Every pages parsed by the callback index_page would be regarded not changed within 10 days. If you submit the task within 10 days since last crawled it would be discarded.

priority

the priority of task to be scheduled, higher the better. default: 0
指定爬取优先级.

def index_page(self):
    self.crawl('http://www.example.org/page2.html', callback=self.index_page)
    self.crawl('http://www.example.org/233.html', callback=self.detail_page,
               priority=1)

The page 233.html would be crawled before page2.html. Use this parameter can do a BFS and reduce the number of tasks in queue(which may cost more memory resources).

exetime

the executed time of task in unix timestamp. default: 0(immediately)
指定执行时间

import time
def on_start(self):
    self.crawl('http://www.example.org/', callback=self.callback,
               exetime=time.time()+30*60)

The page would be crawled 30 minutes later.

retries

retry times while failed. default: 3
失败之后的重试次数，默认时3，最大10.

itag

a marker from frontier page to reveal the potential modification of the task. It will be compared to its last value, recrawl when it’s changed. default: None
标识符，

def index_page(self, response):
    for item in response.doc('.item').items():
        self.crawl(item.find('a').attr.url, callback=self.detail_page,
                   itag=item.find('.update-time').text())

In the sample, .update-time is used as itag. If it’s not changed, the request would be discarded.
如果没有改变，不进行重新爬取

Or you can use itag with Handler.crawl_config to specify the script version if you want to restart all of the tasks.

class Handler(BaseHandler):
    crawl_config = {
        'itag': 'v223'
    }

Change the value of itag after you modified the script and click run button again. It doesn’t matter if not set before.

auto_recrawl

when enabled, task would be recrawled every age time. default: False
自动重爬，如果开启，age过期后自动重爬。

def on_start(self):
    self.crawl('http://www.example.org/', callback=self.callback,
               age=5*60*60, auto_recrawl=True)

The page would be restarted every age 5 hours.

method

HTTP method to use. default: GET
HTTP的请求方法。

params

dictionary of URL parameters to append to the URL.
get请求的一些参数.

def on_start(self):
    self.crawl('http://httpbin.org/get', callback=self.callback,
               params={'a': 123, 'b': 'c'})
    self.crawl('http://httpbin.org/get?a=123&b=c', callback=self.callback)

The two requests are the same.

data

the body to attach to the request.
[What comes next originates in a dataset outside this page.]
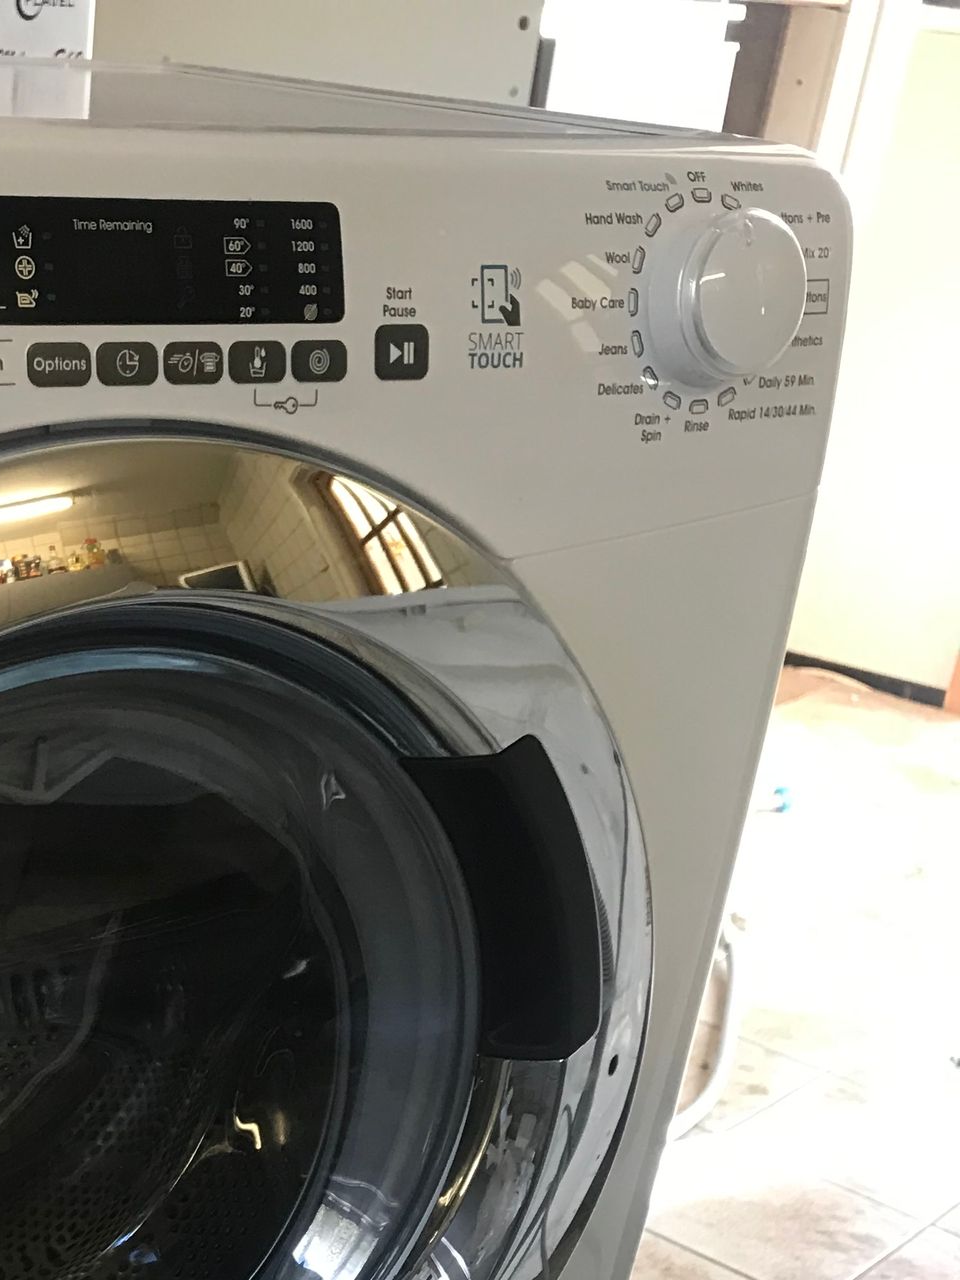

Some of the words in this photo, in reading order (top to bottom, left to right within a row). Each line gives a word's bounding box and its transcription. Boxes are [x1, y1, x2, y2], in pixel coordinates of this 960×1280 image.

If a dictionary is provided, form-encoding will take place.
post请求的一些data.

def on_start(self):
    self.crawl('http://httpbin.org/post', callback=self.callback,
               method='POST', data={'a': 123, 'b': 'c'})

files

dictionary of {field: {filename: ‘content’}} files to multipart upload.
上传的文件.

user_agent

the User-Agent of the request

headers

dictionary of headers to send.

cookies

dictionary of cookies to attach to this request.

connect_timeout

timeout for initial connection in seconds. default: 20

timeout

maximum time in seconds to fetch the page. default: 120

allow_redirects

follow 30x redirect default: True
一些网页的302的跳转是否重定向设置.

validate_cert

For HTTPS requests, validate the server’s certificate? default: True
HTTPS的证书请求忽略.

proxy

proxy server of username:password@hostname:port to use, only http proxy is supported currently.
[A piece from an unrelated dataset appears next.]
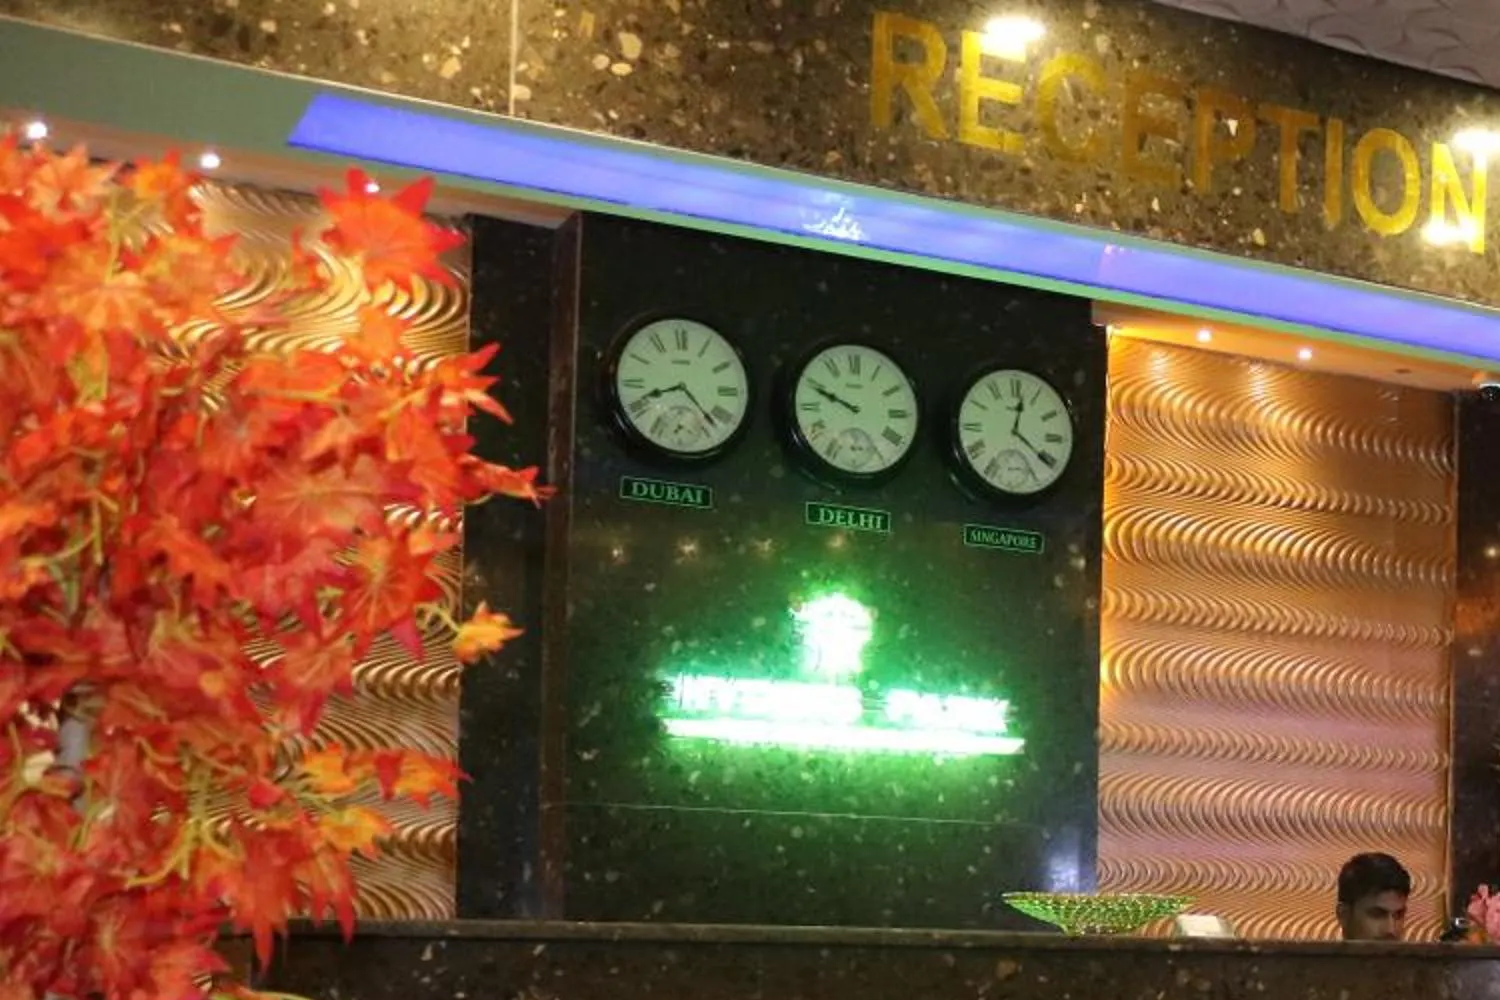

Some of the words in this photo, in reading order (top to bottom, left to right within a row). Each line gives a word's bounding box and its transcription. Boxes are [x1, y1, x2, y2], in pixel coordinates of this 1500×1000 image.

[871, 11, 1488, 256] RECEPTION
[632, 481, 704, 504] DUBAI
[818, 507, 884, 530] DELHI
[969, 529, 1037, 549] SINGAPORE
class Handler(BaseHandler):
    crawl_config = {
        'proxy': 'localhost:8080'
    }

Handler.crawl_config can be used with proxy to set a proxy for whole project.
设置代理.

etag

use HTTP Etag mechanism to pass the process if the content of the page is not changed. default: True
判断页面更新爬取情况.

last_modified

use HTTP Last-Modified header mechanism to pass the process if the content of the page is not changed. default: True

fetch_type

set to js to enable JavaScript fetcher. default: None
设置为js请求.渲染查找后的页面.

js_script

JavaScript run before or after page loaded, should been wrapped by a function like function() { document.write(“binux”); }.
网页爬取后，执行脚本.

def on_start(self):
    self.crawl('http://www.example.org/', callback=self.callback,
               fetch_type='js', js_script='''
               function() {
                   window.scrollTo(0,document.body.scrollHeight);
                   return 123;
               }
               ''')

The script would scroll the page to bottom. The value returned in function could be captured via Response.js_script_result.

js_run_at

run JavaScript specified via js_script at document-start or document-end. default: document-end
把脚本加到当我document前面还是后面.

js_viewport_width/js_viewport_height

set the size of the viewport for the JavaScript fetcher of the layout process.
JS视窗的大小.

load_images

load images when JavaScript fetcher enabled. default: False
加载时是否加载图片.

save

a object pass to the callback method, can be visit via response.save.
用来在多个函数直接传递变量的参数

def on_start(self):
    self.crawl('http://www.example.org/', callback=self.callback,
               save={'a': 123})

def callback(self, response):
    return response.save['a']

123 would be returned in callback

taskid

unique id to identify the task, default is the MD5 check code of the URL, can be overridden by method def get_taskid(self, task)
指定task的唯一标识码，ruquest队列的消息去重.

import json
from pyspider.libs.utils import md5string
def get_taskid(self, task):
    return md5string(task['url']+json.dumps(task['fetch'].get('data', '')))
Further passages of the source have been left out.